2. Machine learning algorithms and descriptions
2.2. Support Vector Machines
2.2.2. Using “The Kernel Trick” to identify non-linear patterns
This techniques involves looking at the relationships between the data points (more ac- curately the support vectors), which is not just a linear relationship. The example given in figure 2.10 makes use of Euclidean distances between the points. In this section, only a conceptual overview is provided and an example of some of the mathematics involved is given in chapter 3.
Figure 2.10.: Here, the RBF kernel has been used to find clusters of similarly placed data points, measured on their Euclidean distances from each other. This technique has allowed for perfect classification of the data.
This method, using the Radial-Basis Function (RBF) kernel is clearly very effective at dealing with the XOR problem. When using this kernel, the data points are actually being mapped into a higher dimensional space than the two provided by each data point (the x and y axes values). The act of mapping into a higher dimensional space allows data that were not linearly separable to actually become linearly separable, a concept described in Cover’s Theorem. The full details of the proof of this theorem are not given here, but can be read about in the original publication (Cover, 1965).
Instead, a graphical representation is provided that helps to clarify this concept. The example in figure 2.11 shows a warping of the canvas used to plot the points in the XOR problem into three dimensional space. If the blue and orange points are now plotted onto the warped canvas, the orange points would be located towards the top of the higher peaks; this means that a linear separating plane can be drawn that allows for perfect classification. This idea works in much higher dimensions, but these are not possible to visualise, so this simple example is given instead.
Figure 2.11.: A example showing how the mapping of the XOR problem into 3-dimensional space allows for a linear plane to be drawn that successfully separates between the classes.
This example can also be used to explain an important, if unfortunate, effect of using the kernel methods in an SVM. As was mentioned earlier, the values in the coefficient (or weight) vector actually provide some useful interpretation information because the values assigned to the features can be used to assess the importance of each respective feature, as this value determines how each data point is projected and whether this results in them crossing the decision plane. When using a kernel however, it is not the position in the original input space that determines the classification, but the position in the higher dimension. In the example provided above, it is actually the height of the peak where the data point lands that states which class it belongs to. This is a classic example of how increasing the complexity of the model results in the decrease of its interpretability; in other words: some models focus on delivering predictive power while others focus on increasing the interpretation of what could be driving the performance and results, and care must be taken when deciding which to use (Shmueli, 2010). This is one of the reasons why the SVM was chosen to be used in this thesis as it can provide an element of both: if
interpretability is required, then the focus can be placed onto the linear model, but if an increase in predictive power is required, especially when looking for the non-linear effects of interactions, then the kernel methods can be employed.
The use of kernels bring about the additional complication of extra hyperparameters that also require tuning to find the optimum values. For the RBF kernel, there is an additional parameter: γ (the Greek letter pronounced “gamma”), which sets the width of the Gaussian kernel to use. The value used in the example in figure 2.10 was 3, but an additional example is shown here using a different value to highlight the effect of changing this. In figure 2.12, γ is set to 50, and it can be clearly seen that this results in a tightening of the kernel around the orange points to make the region far more specific to the areas close to these data points. This is another example of overfitting, as it is unlikely that new data will be classified correctly in this example.

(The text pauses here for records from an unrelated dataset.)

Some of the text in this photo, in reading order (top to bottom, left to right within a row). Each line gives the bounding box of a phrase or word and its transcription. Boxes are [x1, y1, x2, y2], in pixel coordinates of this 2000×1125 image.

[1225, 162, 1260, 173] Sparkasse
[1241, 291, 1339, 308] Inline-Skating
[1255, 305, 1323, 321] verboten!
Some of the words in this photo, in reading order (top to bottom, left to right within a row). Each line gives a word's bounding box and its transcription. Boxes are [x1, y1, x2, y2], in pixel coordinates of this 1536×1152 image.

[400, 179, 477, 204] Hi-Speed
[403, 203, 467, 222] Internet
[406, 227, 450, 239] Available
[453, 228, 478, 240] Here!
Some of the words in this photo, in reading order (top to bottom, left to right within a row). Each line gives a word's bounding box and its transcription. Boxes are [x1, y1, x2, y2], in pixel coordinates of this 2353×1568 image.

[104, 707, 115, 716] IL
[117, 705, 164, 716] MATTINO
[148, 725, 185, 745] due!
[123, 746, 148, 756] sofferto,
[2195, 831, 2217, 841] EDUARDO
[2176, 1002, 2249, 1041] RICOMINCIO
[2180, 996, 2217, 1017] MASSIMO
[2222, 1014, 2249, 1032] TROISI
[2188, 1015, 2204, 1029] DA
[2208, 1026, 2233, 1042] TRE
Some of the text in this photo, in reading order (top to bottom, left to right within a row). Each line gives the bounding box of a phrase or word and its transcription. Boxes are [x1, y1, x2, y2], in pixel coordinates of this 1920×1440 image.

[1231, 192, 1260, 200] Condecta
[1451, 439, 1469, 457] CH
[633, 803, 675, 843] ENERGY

Figure 2.12.: An example of the RBF kernel being used on the XOR related problem, but this time using a γ value of 50. The effect is that the kernel width has been tightened to become more specific to the data points, and could very well result in the overfitting to the training set and misclassification on unseen data
All of the machine learning modelling performed in this thesis was carried out using the scikit-learn machine learning library (Pedregosa et al., 2011), written for use with the Python programming language. When performing kernel based modelling using SVMs,
the default value for γ is set to the reciprocal of the number of data points in the training set: 1
N, which attempts to avoid the problem of overfitting. The examples of the RBF
kernel shown in this chapter were actually using unnaturally high values of the γ param- eter for the benefit of the visualisations, but as can be read about in chapter 3, when applied to the real-life datasets, it is these lower values of γ that perform much better.
A comment on the scaling of the features
Another important point to note about the SVM algorithm is that it is sensitive to the scale, or range, of the values for each of the input features. This is because the algorithm looks for patterns that the data points are projected into in common dimensional space between all of the features. To clarify this point, an extreme example is given here: if the feature represented on the x axis were in a very small range of 0.001 to 0.01, but the feature on the y axis was in an extremely large range from 10,000 to 100,000,000, then any plotting of these points onto a common set of axes would show almost no variability along the x direction compared to the y direction and it would be almost impossible for the SVM to find any optimum boundary in this situation.
It is therefore necessary to carry out some pre-processing steps of the data before the model is built and fitted. One of these common steps to remove the problem of different feature ranges is called feature scaling, and if often performed by transforming each feature so that the distribution of its values in the dataset have a mean of 0 with a variance of 1.